> Source records:
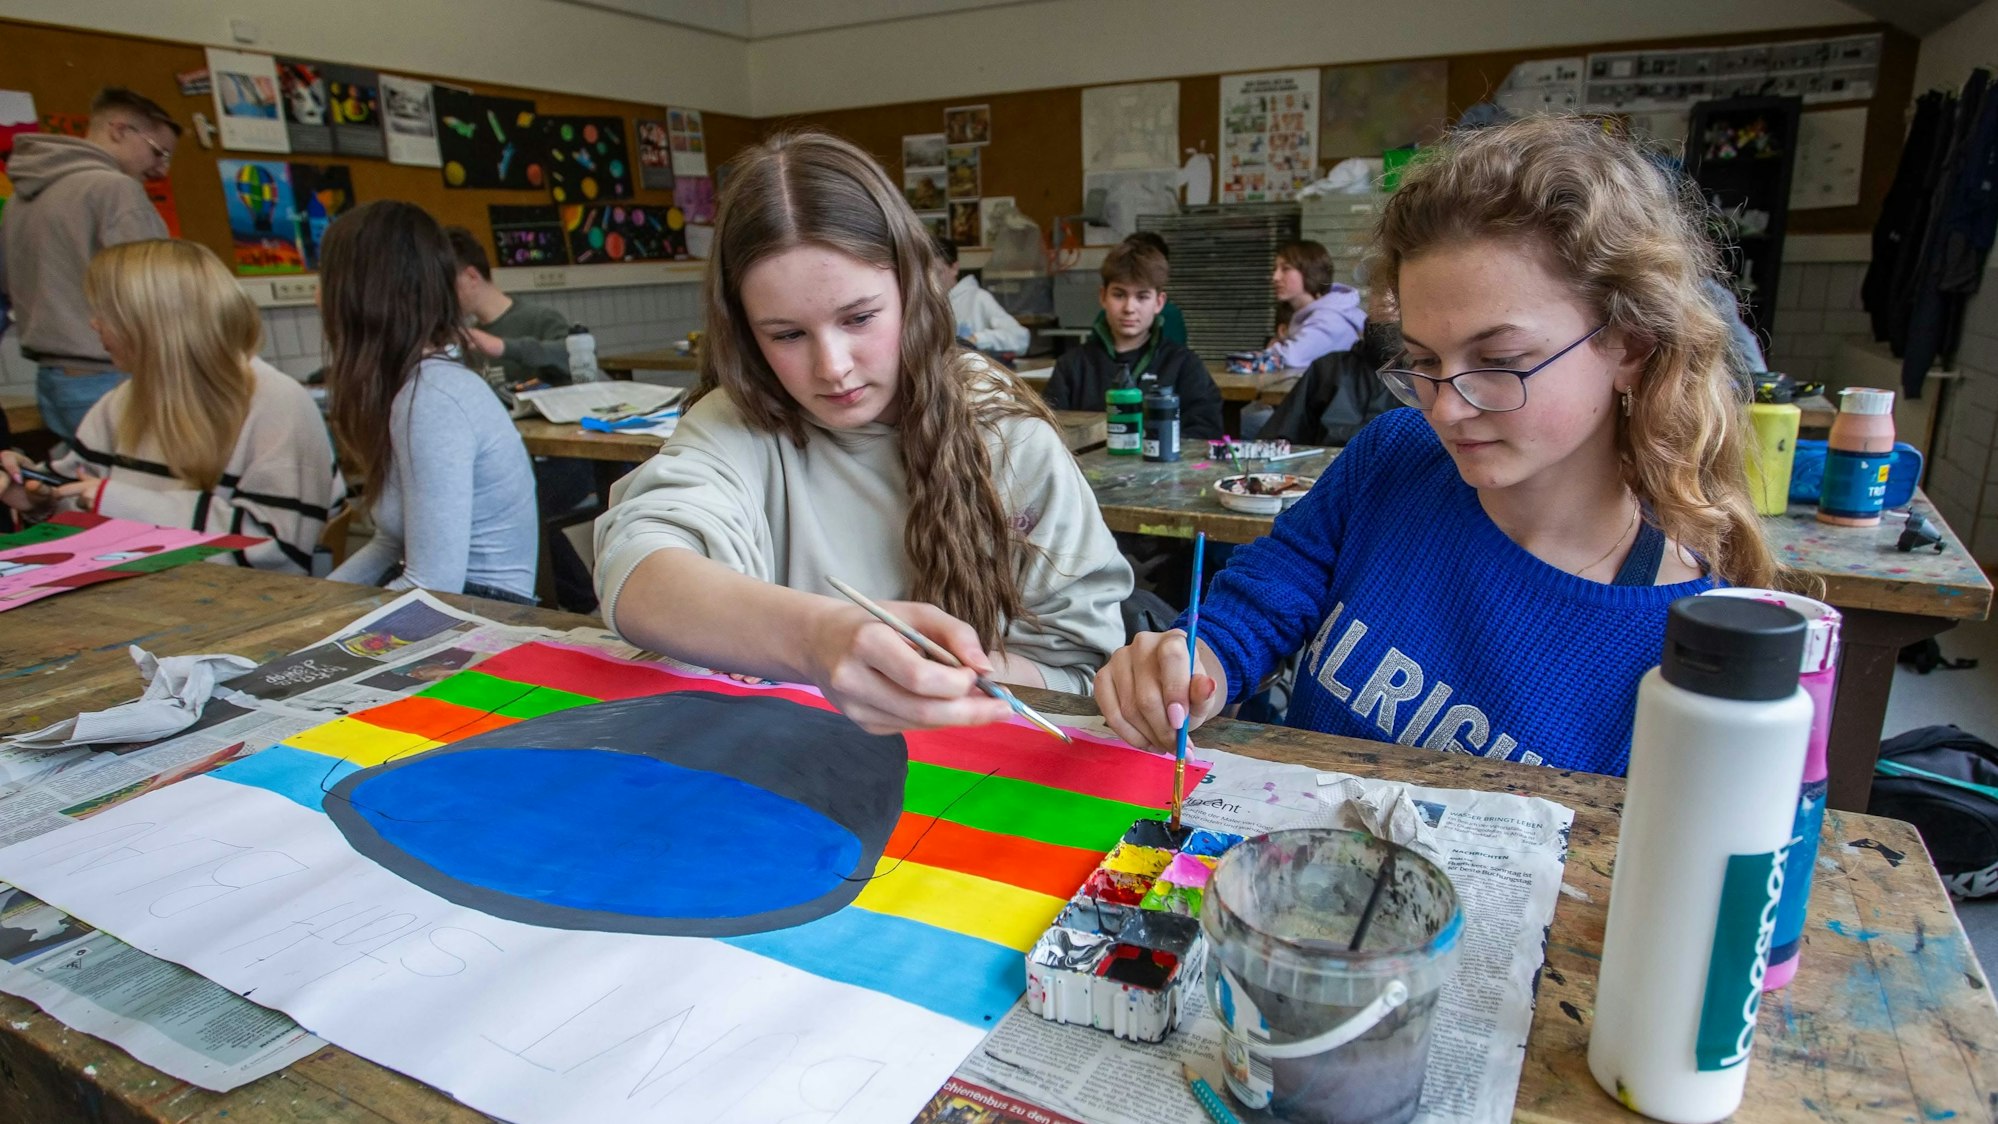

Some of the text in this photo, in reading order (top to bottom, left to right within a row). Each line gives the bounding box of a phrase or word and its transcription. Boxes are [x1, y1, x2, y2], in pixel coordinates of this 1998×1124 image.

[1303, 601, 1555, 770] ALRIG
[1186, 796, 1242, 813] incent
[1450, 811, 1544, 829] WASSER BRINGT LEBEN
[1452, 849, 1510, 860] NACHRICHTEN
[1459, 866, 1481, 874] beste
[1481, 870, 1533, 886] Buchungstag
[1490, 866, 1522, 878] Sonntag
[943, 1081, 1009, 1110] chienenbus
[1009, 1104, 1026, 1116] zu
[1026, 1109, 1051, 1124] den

> Exercise goal:
Everything in the records above should be printed exactly, apart from the pictures.

> Answer to the exercise:
Some of the text in this photo, in reading order (top to bottom, left to right within a row). Each line gives the bounding box of a phrase or word and its transcription. Boxes are [x1, y1, x2, y2], in pixel coordinates of this 1998×1124 image.

[1303, 601, 1555, 770] ALRIG
[1186, 796, 1242, 813] incent
[1450, 811, 1544, 829] WASSER BRINGT LEBEN
[1452, 849, 1510, 860] NACHRICHTEN
[1459, 866, 1481, 874] beste
[1481, 870, 1533, 886] Buchungstag
[1490, 866, 1522, 878] Sonntag
[943, 1081, 1009, 1110] chienenbus
[1009, 1104, 1026, 1116] zu
[1026, 1109, 1051, 1124] den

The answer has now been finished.